Fine words, but the truth is that Burma’s plight won’t figure among Obama’s top priorities. His attention will be mostly occupied by a worsening domestic economic crisis, while foreign policy concerns like Iraq, Afghanistan, Pakistan, North Korea, Darfur and Zimbabwe will undoubtedly push Burma onto the back burner.

Aung Din, director of the Washington-based US Campaign for Burma, said that although Obama would be “occupied with many pressing issues … we will continue to work with the Congress to remind him of the situation of the people of Burma.”

On the positive side, Aung Din noted: “We still enjoy strong bipartisan support in both the Senate and House. I believe the Congress will help us to put Burma on Obama’s foreign policy priority list sooner or later.”

It’s felt that the Obama team has inherited a lot from the Bush administration stand on Burma, and activists have reason to be hopeful that the Burma issue will attract serious attention.

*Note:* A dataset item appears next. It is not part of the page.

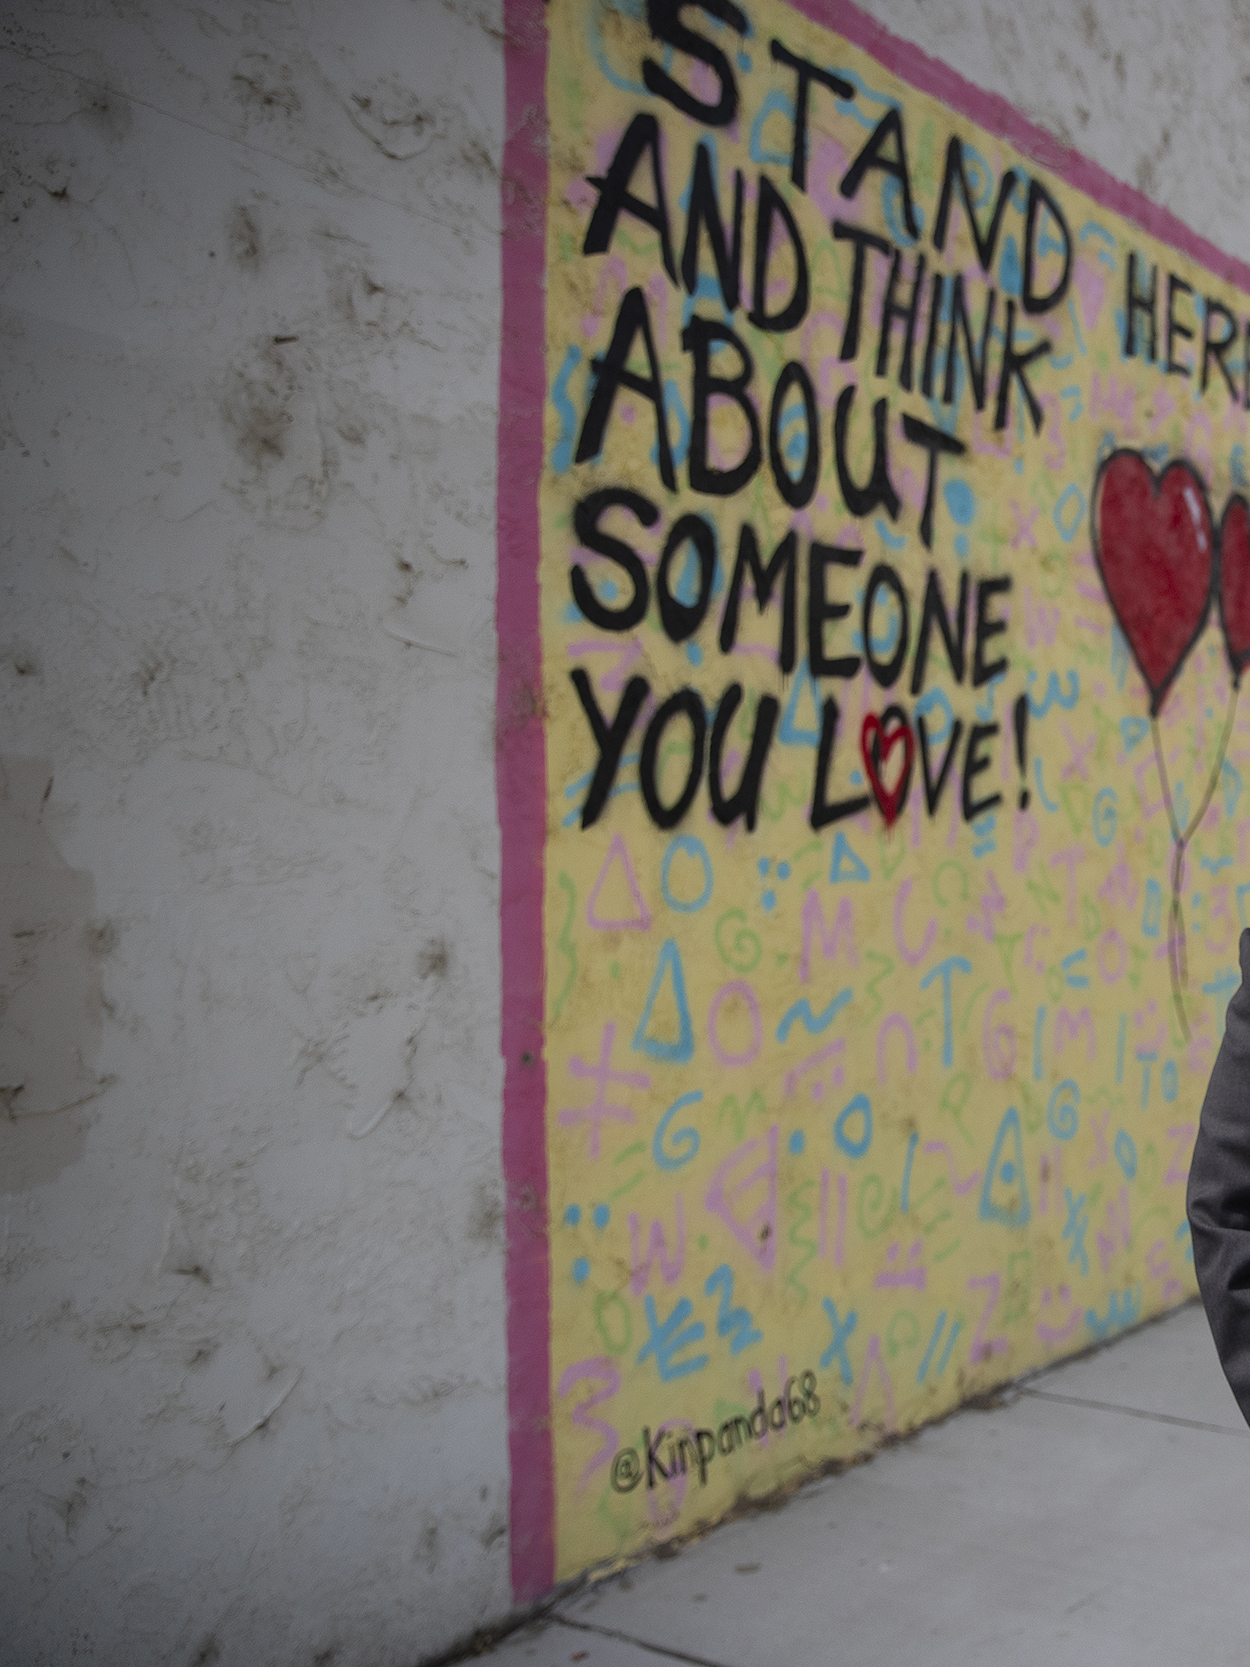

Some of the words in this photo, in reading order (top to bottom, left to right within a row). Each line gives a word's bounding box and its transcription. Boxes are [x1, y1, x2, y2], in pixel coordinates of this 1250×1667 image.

Burma also commands continuing attention in the US press, and one influential newspaper, The Washington Post, carried several editorials on Burma after Obama won the race for the White House.

“Like South Africans, Burmese will remember who sided with her during their years of oppression and who sided with the oppressor,” the newspaper said. “And as the world watched and measured America’s shifting stance on apartheid, so it will measure the next administration’s commitment to democracy in Burma and beyond.”

In December, former Secretary of State Madeleine K Albright, chairwoman of the National Democratic Institute (NDI), presented the institute’s human rights awards to a staunch supporter of the Burma cause, Archbishop Desmond Tutu of South Africa, and to the Women’s League of Burma.

Albright visited Burma in 1995, when she was US ambassador to the UN and met Suu Kyi at the opposition leader’s home in Rangoon, a year after US congressman Bill Richardson had visited Suu Kyi.

Burmese activists recall that it was Bill Clinton who first imposed investment sanctions on the Burmese regime in 1997. He also presented a presidential award to Suu Kyi.

The Burmese have influential friends in the US Congress, and they won’t forget the engagement shown by Bush and first lady Laura Bush during their time in the White House.

Said Aung Din: “Even in the last days of his administration, President Bush and the first lady have put Burma in the international spotlight again and again and set up a precedent for the next administration. We owe them a lot.”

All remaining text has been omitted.